Tiger has officially committed to the Farmers Insurance Open at Torrey Pines, which begins Jan. 24. 

By Daniel Rapaport
January 16, 2019

It's official—Tiger Woods will begin his 2019 season at the Farmers Insurance Open at Torrey Pines, which begins Jan. 24. 

Woods is a seven-time winner of the event, which takes place just outside San Diego, most recently hositing the trophy in 2019. It will mark his first official PGA Tour start since winning the Tour Championship last September, his 80th career PGA Tour victory. 

At the Hero World Challenge in December—a limited-field event that does not count toward the FedEx Cup—Woods said he played too much last year and that he'd limit his schedule in 2019.  Perhaps that reasoning was behind his decision to skip the Sentry Tournament of Champions, but Woods was always expected to play at Torrey Pines, the site of his remarkable 2008 U.S. Open victory. 

Woods also made his season debut at this event last season, when he finished tied for 23rd. 

It's not entirely clear where else Woods will play before the Masters, which begins on April 11, but he has already committed to the Genesis Open at Riviera, a tournament benefitting his foundation. He is expected to play the World Golf Championship event in Mexico (Feb. 21-24) and the Arnold Palmer Invitational at Bay Hill (March 7-10), the only event he's won more (eight wins) than the Farmers. Woods will almost certainly tee it up at the Players Championship, which will be in March for the first time since 2006, before the WGC match play event comes two weeks later (March 27-31). That would make the Masters his seventh event of the season; he played 18 last year. 

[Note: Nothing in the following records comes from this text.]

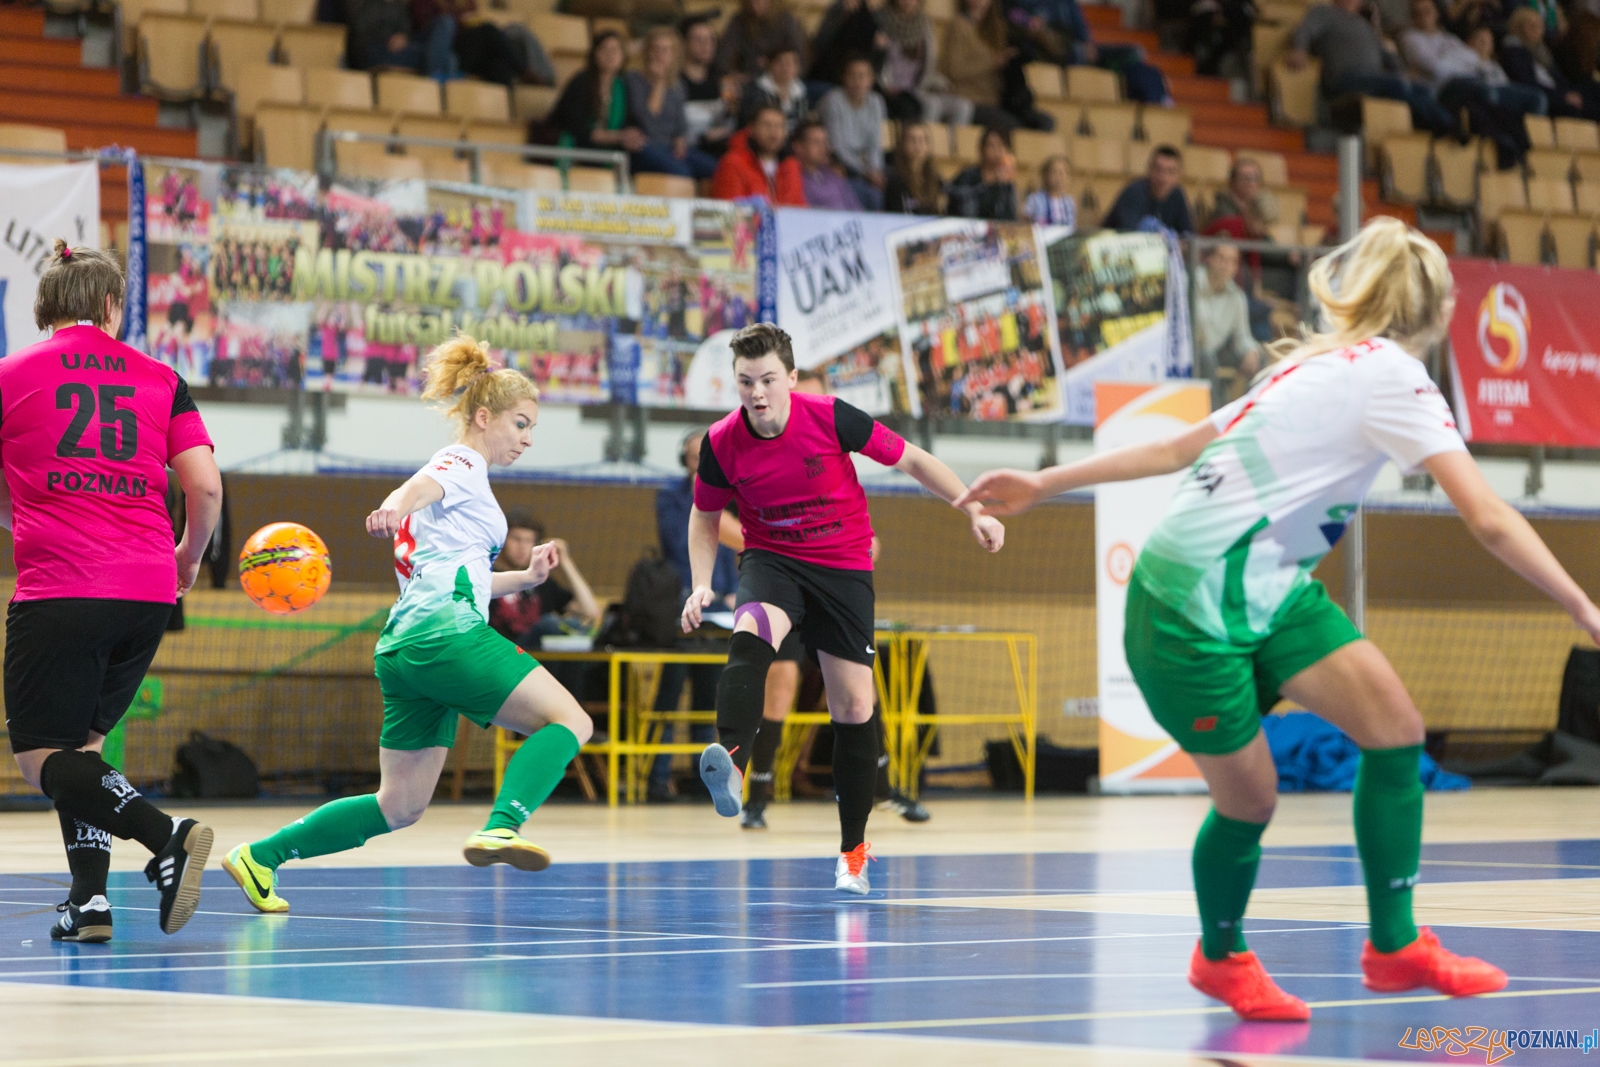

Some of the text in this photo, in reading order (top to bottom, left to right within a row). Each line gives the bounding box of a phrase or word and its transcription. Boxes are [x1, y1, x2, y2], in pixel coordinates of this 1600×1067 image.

[292, 248, 627, 317] MISTRZ POLSKI
[790, 250, 874, 314] UAM
[60, 353, 127, 373] UAM
[55, 382, 138, 461] 25
[47, 471, 148, 497] POZNAŃ
[76, 827, 112, 846] UAM

Last season, Woods played the Farmers, Genesis, Honda Classic, Valspar Championship and Bay Hill before the Masters. Because he ranked outside the world's top 50, he did not qualify for the WGC events. 

Woods' last appearance came at the Hero, where he finished second-to-last in the 18-man field. He is just two behind Sam Snead's all-time record of 82 PGA Tour wins and trails Jack Nicklaus' mark of 18 major championships by four.